New formula is especially suitable when used on already mentioned NASA GEO data, since it allows summing over areas of different sizes. And because each cell there has under 1km2 area, we can safely assume that within such small area population is evenly/homogenously distributed. For calculation it needs only three data sources, all at 30 sec resolution :

  1. population count – how many people for each cell
  2. land area – actual land area for each cell
  3. national grid – to which country each cell belongs

Technical difficulties in calculating and showing “living density”

Processing of NASA geo data sets had several technical issues that needed to be overcome:

  • GIS data was too large for normal arrays : 43200 x 21600 float numbers, resulting in almost 1 billion array elements, with almost 4GB size . Solution was to use gcAllowVeryLargeObjects enabled=”true” in C#
  • Data needed too much RAM : even if above would allow c# to handle such arrays, they took too much RAM ( especially since 3 or 4 of GEO data arrays needed to be processed at same time, as listed above : population, area, nations…).

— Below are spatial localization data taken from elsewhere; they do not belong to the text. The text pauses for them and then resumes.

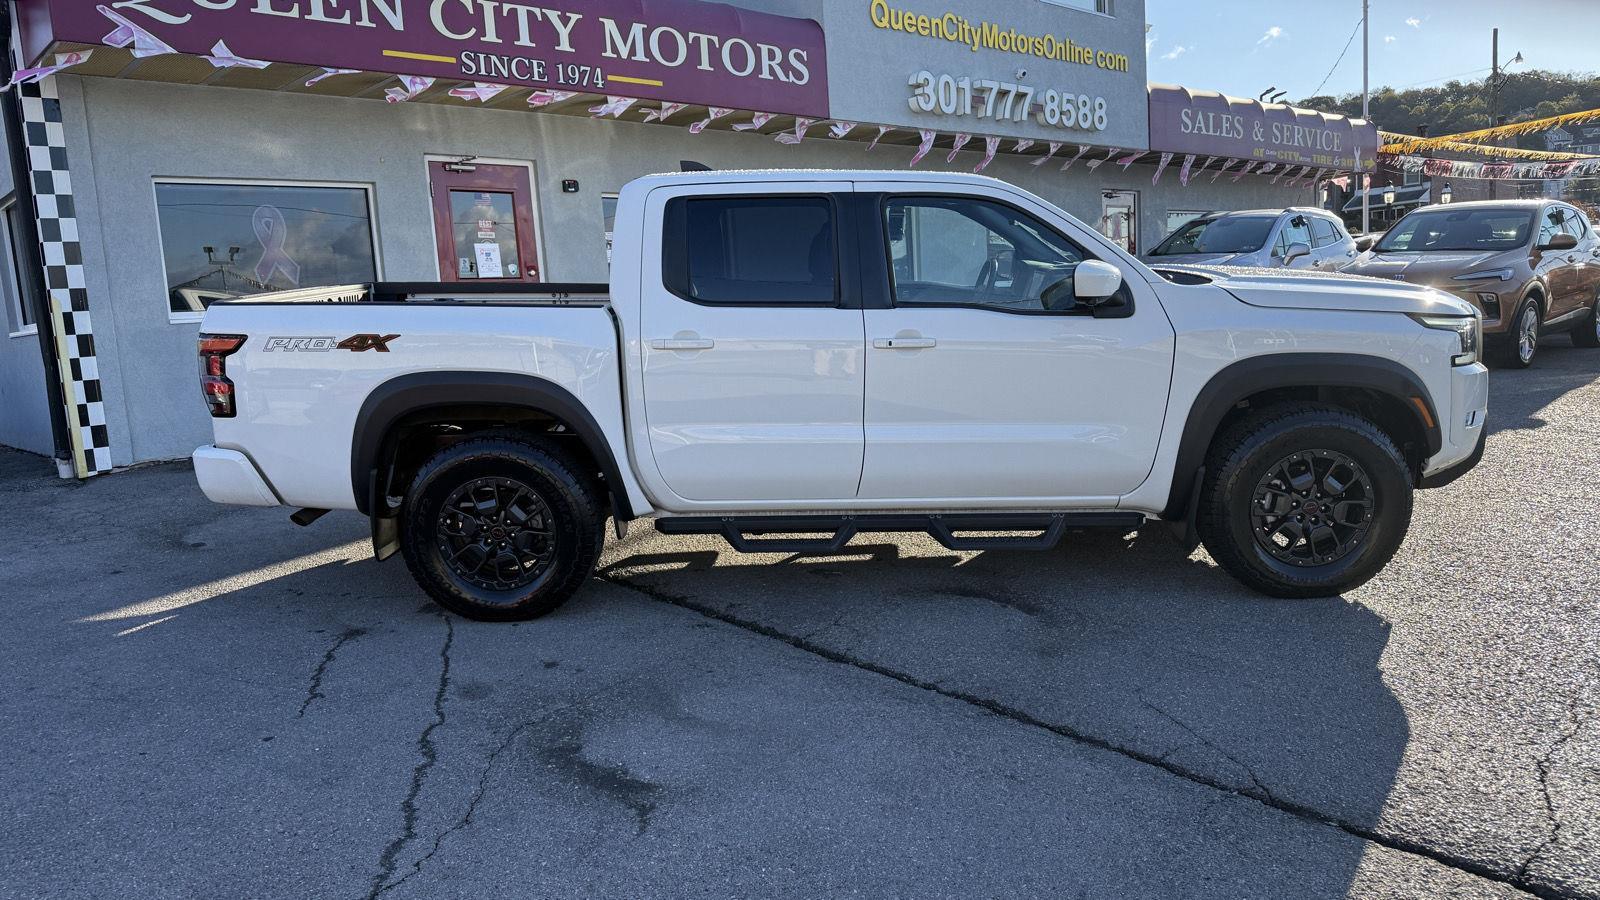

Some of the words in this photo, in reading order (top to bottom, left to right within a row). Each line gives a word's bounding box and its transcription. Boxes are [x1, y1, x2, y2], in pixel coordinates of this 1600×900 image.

[428, 0, 583, 53] CITY
[598, 17, 811, 86] MOTORS
[460, 51, 548, 82] SINCE
[556, 63, 605, 88] 1974
[1180, 108, 1244, 140] SALES
[1252, 120, 1265, 142] &
[1271, 122, 1342, 152] SERVICE
[1312, 154, 1333, 165] TIRE
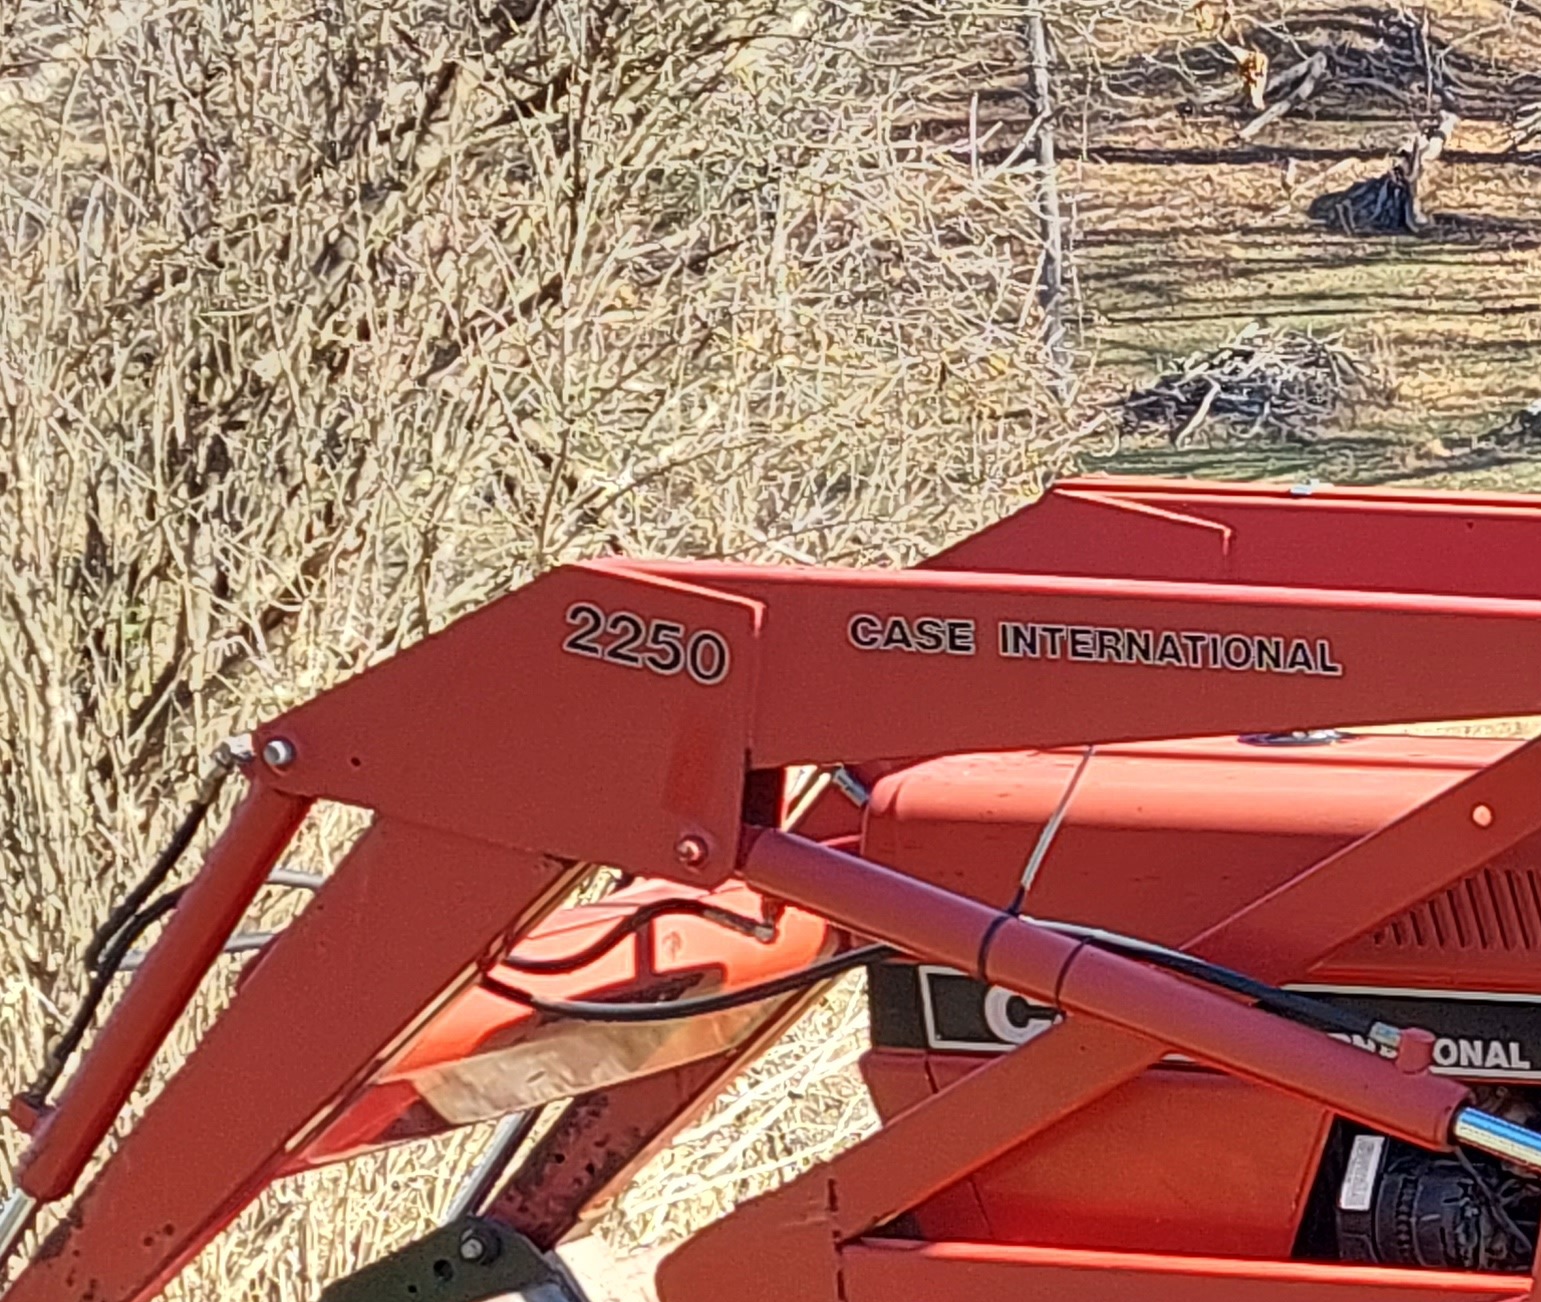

Solution was to process data in configurable bands – for example, in 6000 lines per band, so around 4 bands for total data.
  • GEO tiff data needs decoding: to avoid tangential effort of decoding geotiff format, I used OSGeo.GDAL nuget from https://gdal.org
  • there were errors in GEO data: negative populations, land areas etc… solution was to detect cases when they were for ‘uninhabited land’ ( like deserts and ice) or ‘no land’ ( like lakes and seas )
  • there were statistical errors in GEO data: some countries added to twice their real population in 2020 data ( like Romania). Solution was to use “UN adjusted” datasets
  • final result visualization: while I made my own visualization maps and sortable tables ( in same app used to process geo data), for embedding in HTML posts I used datawrapper.de

Analysis of “Living” population density per world country

Applying above method to process geo data and get living population density for each country in the world resulted in exported CSV file that ( in addition to country codes, population and area) included three calculated values for each world country:

  • living density – average population density where citizens live
  • classic density – simple total country population divided by total country area
  • concentration index – ratio of living over classic densities

That resulting CSV file can be downloaded from ‘get the data’ link under each map, or in download section at the end of this article ( bundled with my application for processing original NASA data ).

Map below demonstrate resulting living densities for world countries:

Difference to classical densities are immediately visible – especially if we look at countries like Canada or Australia. Now, they have similar ( even slightly higher ) average population density than US – indicating that less people live in small rural areas, and more people are concentrated in cities.

Most countries around the world have population density in range 1500-4000 ppl/km2 .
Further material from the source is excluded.